**Goal of the exercise**
Copy the records word for word, omitting all pictures.

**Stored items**
┄┄┄┄┄┄┄┄┄┄┄┄┄┄┄┄┄┄┄┄
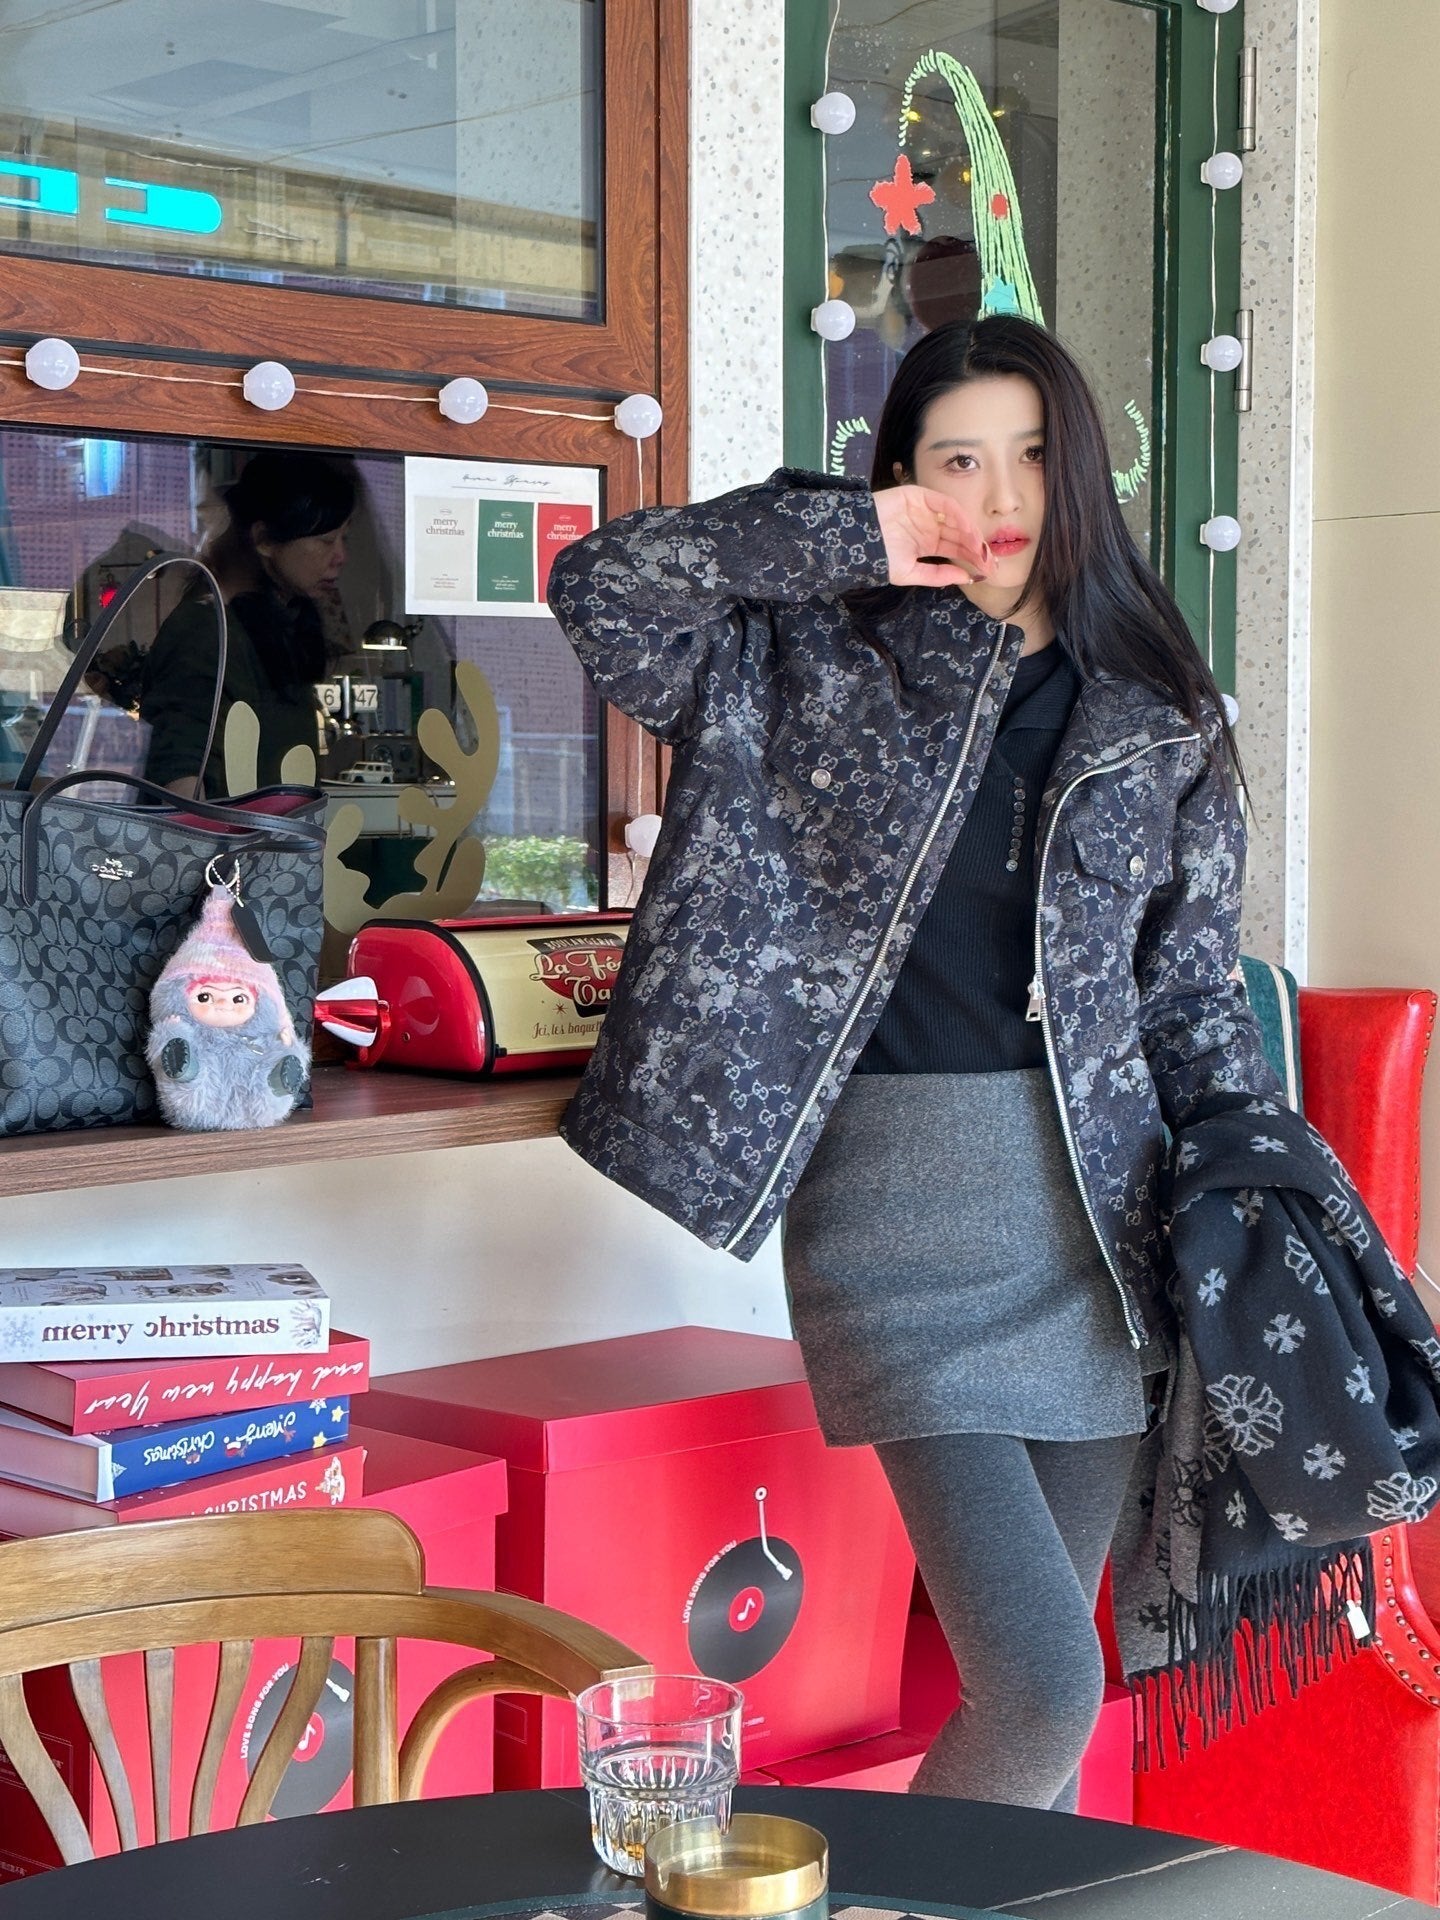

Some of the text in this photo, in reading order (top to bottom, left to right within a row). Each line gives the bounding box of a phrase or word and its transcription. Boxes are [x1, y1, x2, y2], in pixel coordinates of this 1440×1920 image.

[426, 526, 465, 536] christmas
[433, 518, 459, 527] merry
[494, 520, 518, 530] merry
[553, 524, 577, 534] merry
[487, 529, 524, 539] christmas
[355, 689, 376, 707] 47
[91, 864, 134, 878] COACH
[529, 950, 622, 981] La Fé
[564, 975, 612, 1007] Ta
[567, 1020, 603, 1036] baguet
[42, 1314, 280, 1345] merry christmas
[226, 1362, 303, 1397] happy
[312, 1361, 365, 1390] and
[162, 1381, 215, 1401] new
[143, 1411, 297, 1466] Merry Christmas
[681, 1539, 738, 1624] LOVE SONG FOR YOU
[240, 1662, 290, 1759] LOVE SONG FOR YOU
┄┄┄┄┄┄┄┄┄┄┄┄┄┄┄┄┄┄┄┄
**Exercise solution**
Some of the text in this photo, in reading order (top to bottom, left to right within a row). Each line gives the bounding box of a phrase or word and its transcription. Boxes are [x1, y1, x2, y2], in pixel coordinates of this 1440×1920 image.

[426, 526, 465, 536] christmas
[433, 518, 459, 527] merry
[494, 520, 518, 530] merry
[553, 524, 577, 534] merry
[487, 529, 524, 539] christmas
[355, 689, 376, 707] 47
[91, 864, 134, 878] COACH
[529, 950, 622, 981] La Fé
[564, 975, 612, 1007] Ta
[567, 1020, 603, 1036] baguet
[42, 1314, 280, 1345] merry christmas
[226, 1362, 303, 1397] happy
[312, 1361, 365, 1390] and
[162, 1381, 215, 1401] new
[143, 1411, 297, 1466] Merry Christmas
[681, 1539, 738, 1624] LOVE SONG FOR YOU
[240, 1662, 290, 1759] LOVE SONG FOR YOU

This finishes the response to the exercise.